*** Opening Extracted records ***
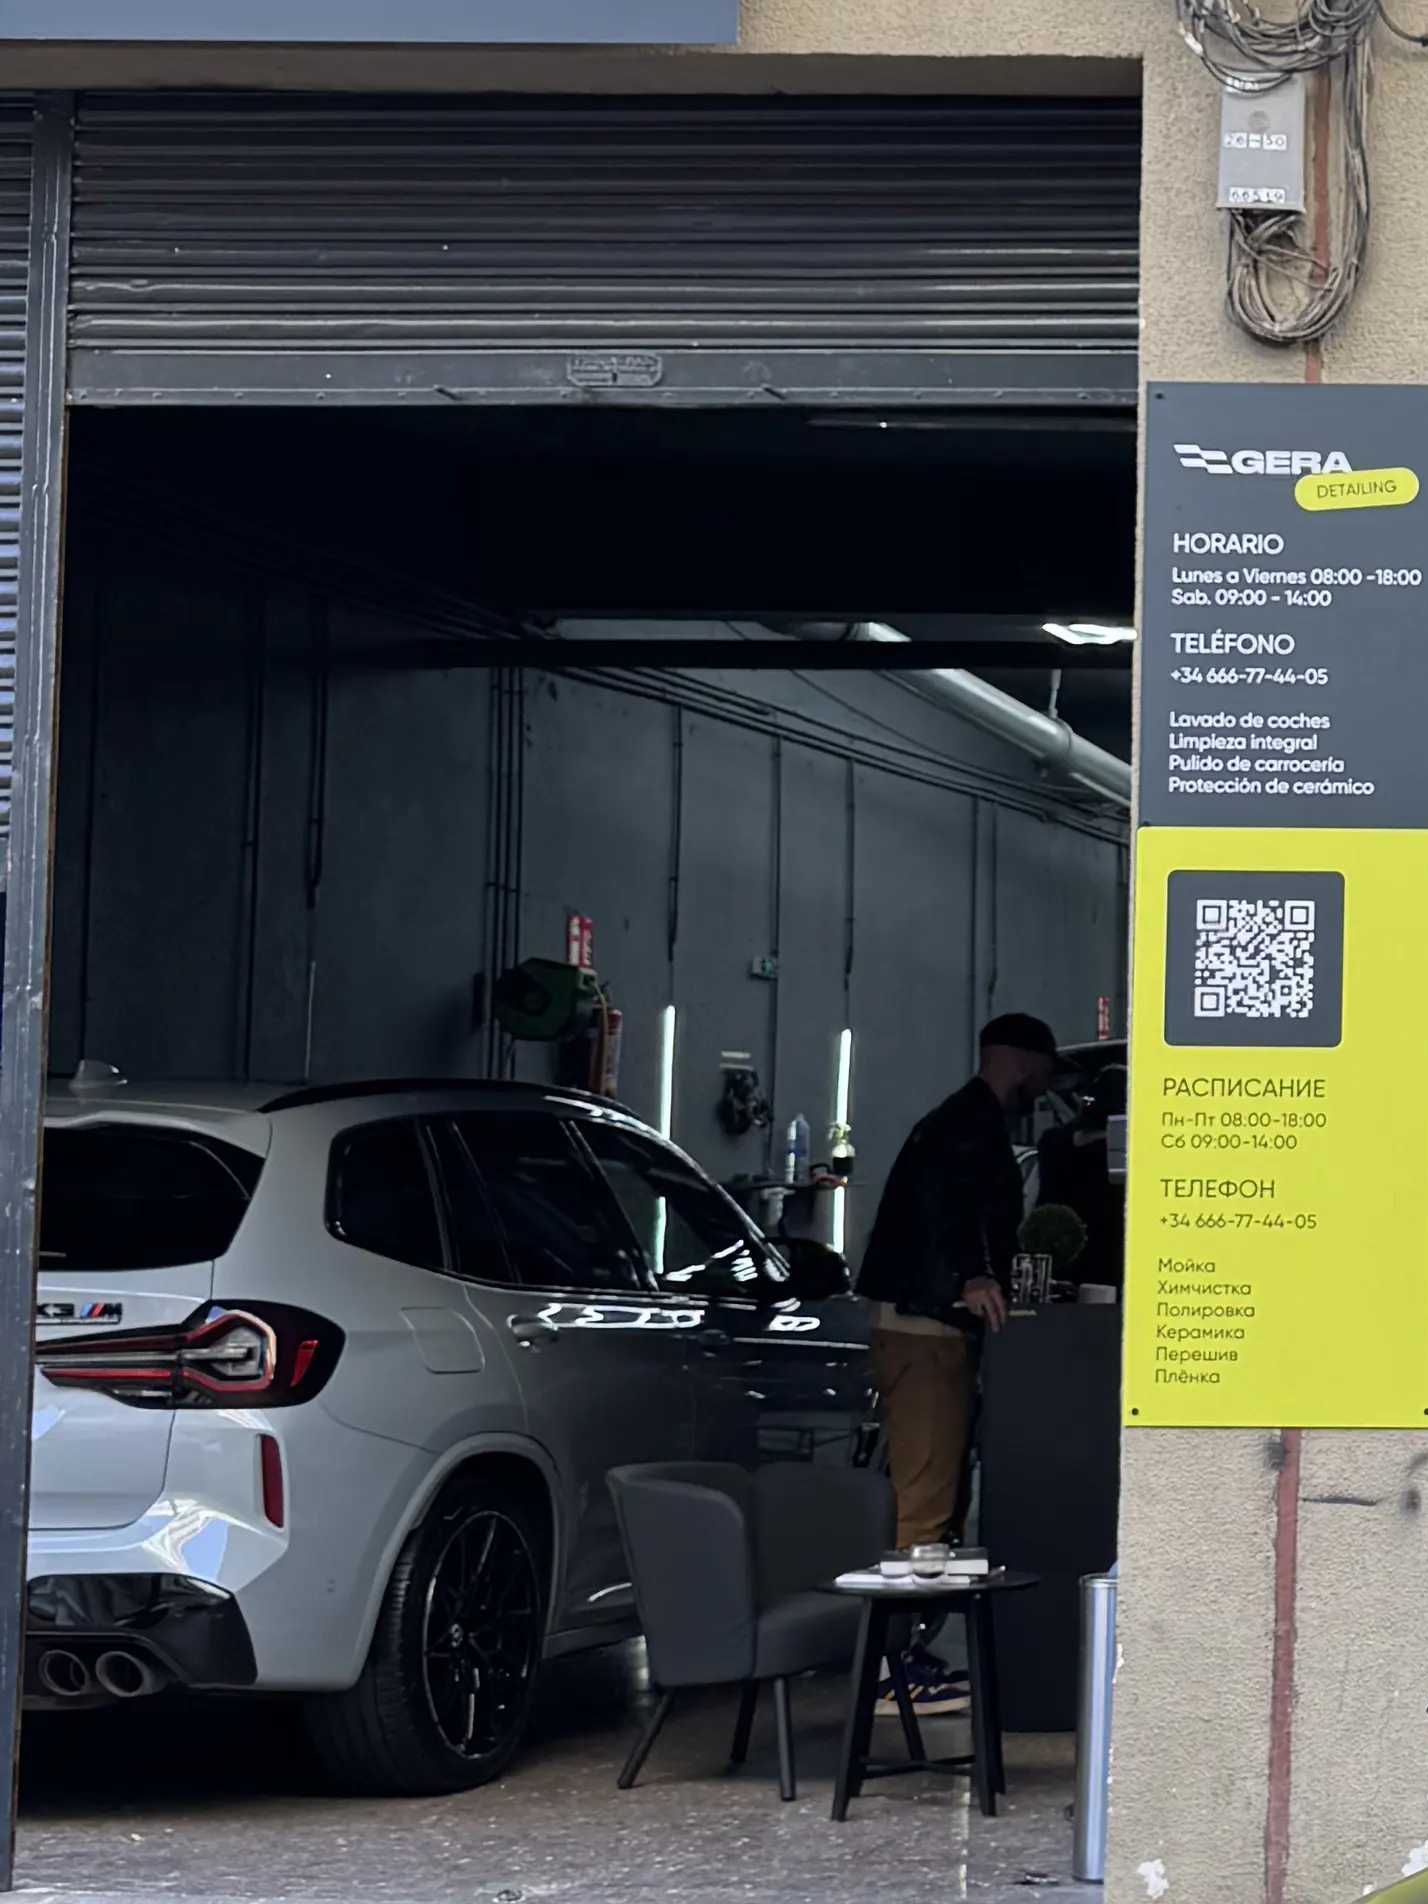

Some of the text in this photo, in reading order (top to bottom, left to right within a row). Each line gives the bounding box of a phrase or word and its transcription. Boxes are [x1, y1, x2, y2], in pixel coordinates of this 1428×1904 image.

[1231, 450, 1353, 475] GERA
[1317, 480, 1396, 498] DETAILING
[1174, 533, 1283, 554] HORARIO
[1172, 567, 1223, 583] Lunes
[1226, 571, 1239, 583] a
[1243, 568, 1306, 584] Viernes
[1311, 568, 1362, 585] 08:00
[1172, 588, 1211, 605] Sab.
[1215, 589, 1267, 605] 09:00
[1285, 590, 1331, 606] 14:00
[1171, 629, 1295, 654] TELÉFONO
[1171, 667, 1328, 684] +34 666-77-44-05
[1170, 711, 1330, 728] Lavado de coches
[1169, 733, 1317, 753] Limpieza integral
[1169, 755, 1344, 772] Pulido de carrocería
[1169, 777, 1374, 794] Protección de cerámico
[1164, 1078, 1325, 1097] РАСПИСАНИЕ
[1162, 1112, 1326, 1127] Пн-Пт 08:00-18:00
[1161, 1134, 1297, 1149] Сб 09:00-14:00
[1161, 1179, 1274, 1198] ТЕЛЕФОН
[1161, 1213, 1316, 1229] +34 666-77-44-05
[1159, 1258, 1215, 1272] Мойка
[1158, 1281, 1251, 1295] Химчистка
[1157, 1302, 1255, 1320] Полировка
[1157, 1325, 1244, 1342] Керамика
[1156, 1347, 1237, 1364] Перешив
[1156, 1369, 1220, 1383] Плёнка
*** Closing Extracted records ***
* **Work task**: Restate each entry word for word; omit the pictures.

* **Answer box**:
Some of the text in this photo, in reading order (top to bottom, left to right within a row). Each line gives the bounding box of a phrase or word and its transcription. Boxes are [x1, y1, x2, y2], in pixel coordinates of this 1428×1904 image.

[1231, 450, 1353, 475] GERA
[1317, 480, 1396, 498] DETAILING
[1174, 533, 1283, 554] HORARIO
[1172, 567, 1223, 583] Lunes
[1226, 571, 1239, 583] a
[1243, 568, 1306, 584] Viernes
[1311, 568, 1362, 585] 08:00
[1172, 588, 1211, 605] Sab.
[1215, 589, 1267, 605] 09:00
[1285, 590, 1331, 606] 14:00
[1171, 629, 1295, 654] TELÉFONO
[1171, 667, 1328, 684] +34 666-77-44-05
[1170, 711, 1330, 728] Lavado de coches
[1169, 733, 1317, 753] Limpieza integral
[1169, 755, 1344, 772] Pulido de carrocería
[1169, 777, 1374, 794] Protección de cerámico
[1164, 1078, 1325, 1097] РАСПИСАНИЕ
[1162, 1112, 1326, 1127] Пн-Пт 08:00-18:00
[1161, 1134, 1297, 1149] Сб 09:00-14:00
[1161, 1179, 1274, 1198] ТЕЛЕФОН
[1161, 1213, 1316, 1229] +34 666-77-44-05
[1159, 1258, 1215, 1272] Мойка
[1158, 1281, 1251, 1295] Химчистка
[1157, 1302, 1255, 1320] Полировка
[1157, 1325, 1244, 1342] Керамика
[1156, 1347, 1237, 1364] Перешив
[1156, 1369, 1220, 1383] Плёнка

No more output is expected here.